Referring expression grounding data:

----------------------------------------

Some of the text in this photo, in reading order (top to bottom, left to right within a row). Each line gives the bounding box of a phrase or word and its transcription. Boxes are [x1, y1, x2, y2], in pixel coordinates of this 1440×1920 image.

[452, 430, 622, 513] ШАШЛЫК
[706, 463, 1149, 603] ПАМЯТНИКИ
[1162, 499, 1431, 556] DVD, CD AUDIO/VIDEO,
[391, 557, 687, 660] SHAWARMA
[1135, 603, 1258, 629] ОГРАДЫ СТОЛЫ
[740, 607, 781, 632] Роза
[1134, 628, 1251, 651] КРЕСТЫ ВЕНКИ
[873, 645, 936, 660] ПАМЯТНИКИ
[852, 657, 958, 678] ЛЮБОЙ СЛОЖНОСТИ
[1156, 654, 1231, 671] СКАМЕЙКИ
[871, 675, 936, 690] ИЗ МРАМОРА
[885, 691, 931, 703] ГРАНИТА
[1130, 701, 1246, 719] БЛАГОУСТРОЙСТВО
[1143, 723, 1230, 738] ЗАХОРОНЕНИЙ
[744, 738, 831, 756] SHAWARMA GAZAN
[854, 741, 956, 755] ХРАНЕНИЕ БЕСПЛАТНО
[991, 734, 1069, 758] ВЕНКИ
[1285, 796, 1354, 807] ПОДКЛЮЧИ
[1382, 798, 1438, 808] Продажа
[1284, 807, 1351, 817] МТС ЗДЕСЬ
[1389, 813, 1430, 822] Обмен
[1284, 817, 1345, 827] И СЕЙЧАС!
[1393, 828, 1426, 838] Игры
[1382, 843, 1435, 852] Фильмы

----------------------------------------

INSTRUCTIONS FOR THE TASK: Return all of the data word for word.

ANSWER TO THIS TASK:
Some of the text in this photo, in reading order (top to bottom, left to right within a row). Each line gives the bounding box of a phrase or word and its transcription. Boxes are [x1, y1, x2, y2], in pixel coordinates of this 1440×1920 image.

[452, 430, 622, 513] ШАШЛЫК
[706, 463, 1149, 603] ПАМЯТНИКИ
[1162, 499, 1431, 556] DVD, CD AUDIO/VIDEO,
[391, 557, 687, 660] SHAWARMA
[1135, 603, 1258, 629] ОГРАДЫ СТОЛЫ
[740, 607, 781, 632] Роза
[1134, 628, 1251, 651] КРЕСТЫ ВЕНКИ
[873, 645, 936, 660] ПАМЯТНИКИ
[852, 657, 958, 678] ЛЮБОЙ СЛОЖНОСТИ
[1156, 654, 1231, 671] СКАМЕЙКИ
[871, 675, 936, 690] ИЗ МРАМОРА
[885, 691, 931, 703] ГРАНИТА
[1130, 701, 1246, 719] БЛАГОУСТРОЙСТВО
[1143, 723, 1230, 738] ЗАХОРОНЕНИЙ
[744, 738, 831, 756] SHAWARMA GAZAN
[854, 741, 956, 755] ХРАНЕНИЕ БЕСПЛАТНО
[991, 734, 1069, 758] ВЕНКИ
[1285, 796, 1354, 807] ПОДКЛЮЧИ
[1382, 798, 1438, 808] Продажа
[1284, 807, 1351, 817] МТС ЗДЕСЬ
[1389, 813, 1430, 822] Обмен
[1284, 817, 1345, 827] И СЕЙЧАС!
[1393, 828, 1426, 838] Игры
[1382, 843, 1435, 852] Фильмы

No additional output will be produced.